I believe a realistic, positive target for this side would be 75 points, which would confirm a place in the top four in the last five seasons, leading to a finish as high as second in the 2020/21 season. The last time Arsenal achieved 75 points in the league was back in 2016/17, ironically the last time 75 points was not enough for a top four finish, testament to the competitiveness of the league on that occasion. The magic 75 points I believe we could achieve would give us a huge chance of securing Champions League football, and would require just two more wins from the previous campaign. In practice, I believe this team is well equipped to reach this goal, however I have not set the bar at over 75 points to account for the reintroduction of European football into our calendar, which will certainly provide a challenge in comparison to last year, for the players and manager alike. As well as this, the lacklustre attempts at silverware in the domestic cups last season did wonders for our recovery periods between games, and with a never seen before mid season World Cup, there are bound to be new challenges along the way.
But, with new challenges come new beginnings, and there are four key new additions to the squad who are ready to play a vital role in the upcoming season. Arsenal have strengthened in the form of Gabriel Jesus (£45M), Fabio Vieira (£34M), Oleksandr Zinchenko (£32M) and William Saliba (recalled from loan). With these four players comes a blend of young talent, hunger, leadership, experience, technical brilliance, versatility, and an additional sense of competition amongst the squad. In regards to the 75 points I implore Arsenal to achieve this is incredibly important, as I actually feel as though much like the 2016/17 season, the 2022/23 season is going to be incredibly gruelling, competitive and difficult to navigate. The Premier League schedule looks hectic as it is, without factoring the scheduling of two domestic cups, all UEFA competition’s and the small matter of a World Cup in-between.

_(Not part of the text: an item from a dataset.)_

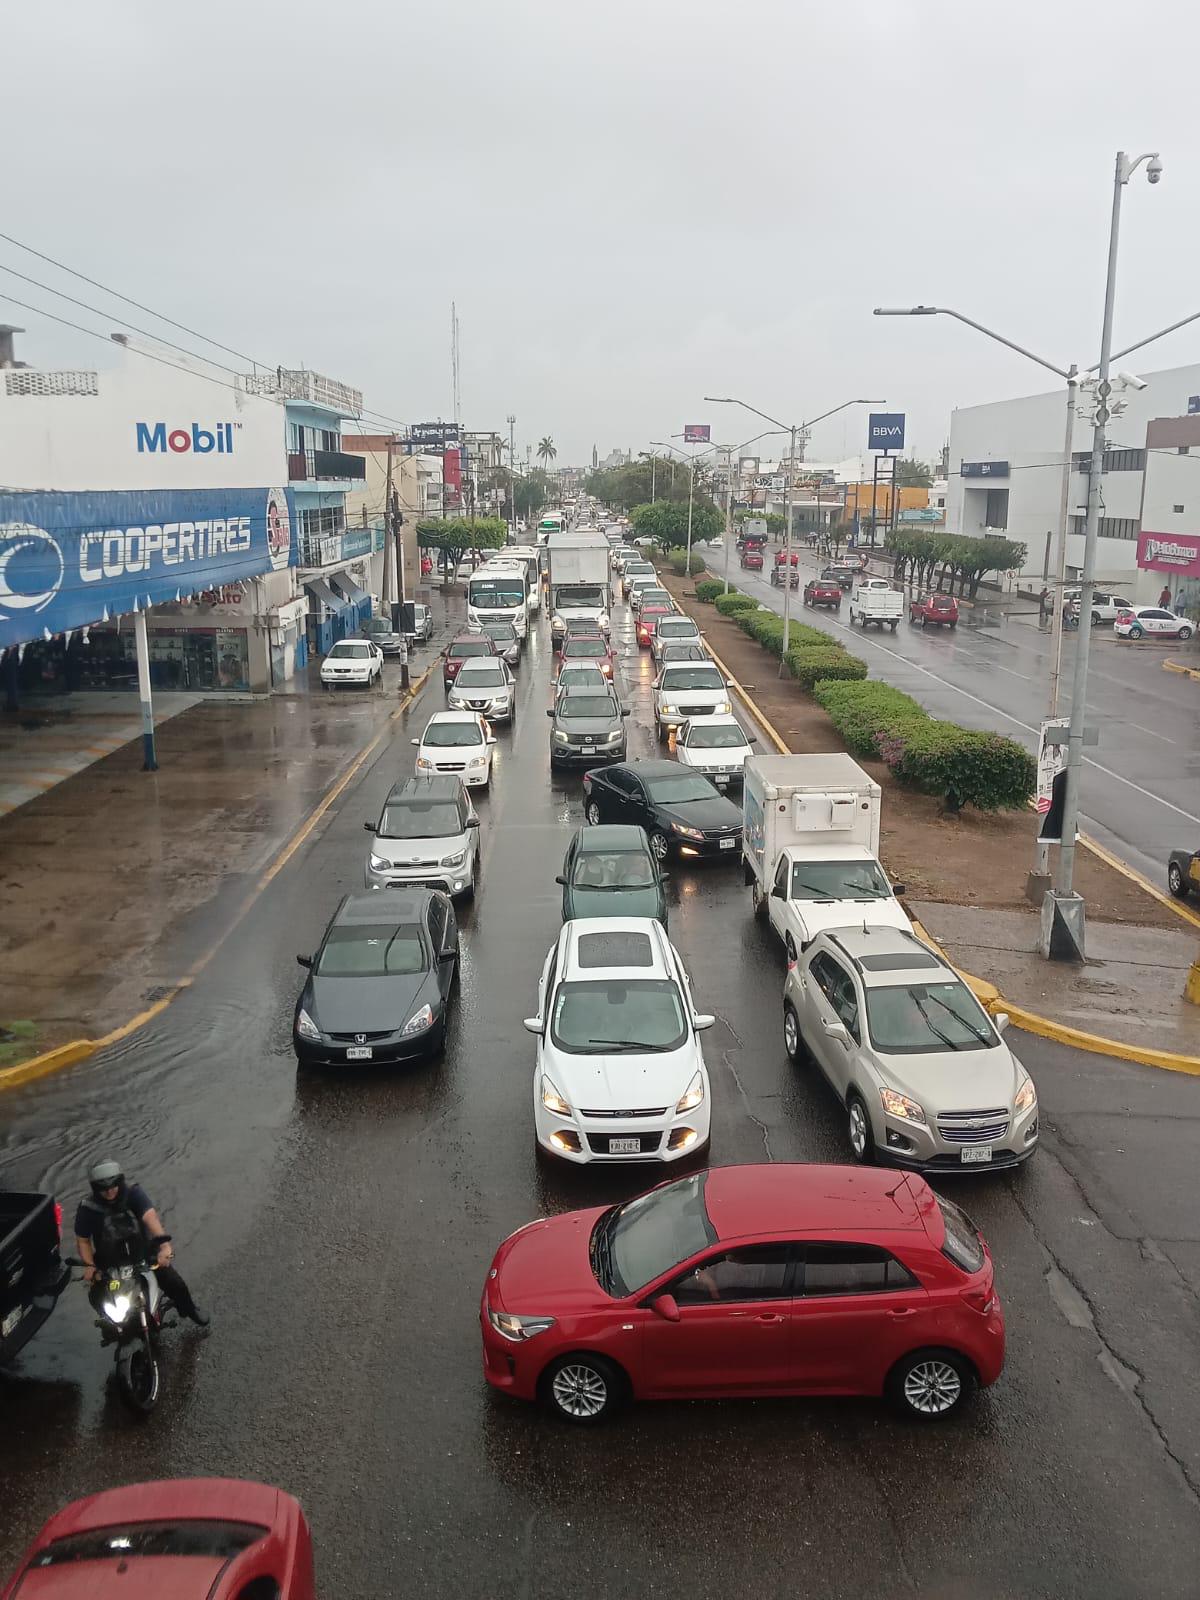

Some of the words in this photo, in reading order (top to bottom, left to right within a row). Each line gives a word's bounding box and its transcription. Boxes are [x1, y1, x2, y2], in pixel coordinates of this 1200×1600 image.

[136, 422, 233, 453] Mobil
[873, 426, 902, 436] BBVA
[79, 516, 251, 583] COOPERTIRES

Regardless, I believe a 75 point Premier League campaign, at least one final in a domestic cup or the Europa League and a respectable run in the remaining two competitions should be required by this stage in Mikel Arteta’s tenure. I am not one for setting strict goals in football as a fan, as there are so many variables that can dictate and transform your season in an instant, but having rough goals ahead of a campaign is good for assessing progress, and Arsenal are good enough for these targets from a pure footballing point of view. In addition, much like last season where the Arsenal fanbase had a massive, positive change in expectation due to how we performed, it is important to reassess as the games come and the weeks go by, this helps to keep the pressure up to perform.
Arsenal, Arteta, and the Champions League…
Discussion about Arsenal’s requirement for Champions League football belongs in the “this is Manchester United we are talking about here” hall of overused punditry lines with no real substance or thought these days. Regardless of the truth behind the statement from an expectational viewpoint by fans, a way to attract the very best players to the club, or from a financial standpoint due to the significance the top four spots in the Premier League hold on the clubs which finish there, we have heard it far too often.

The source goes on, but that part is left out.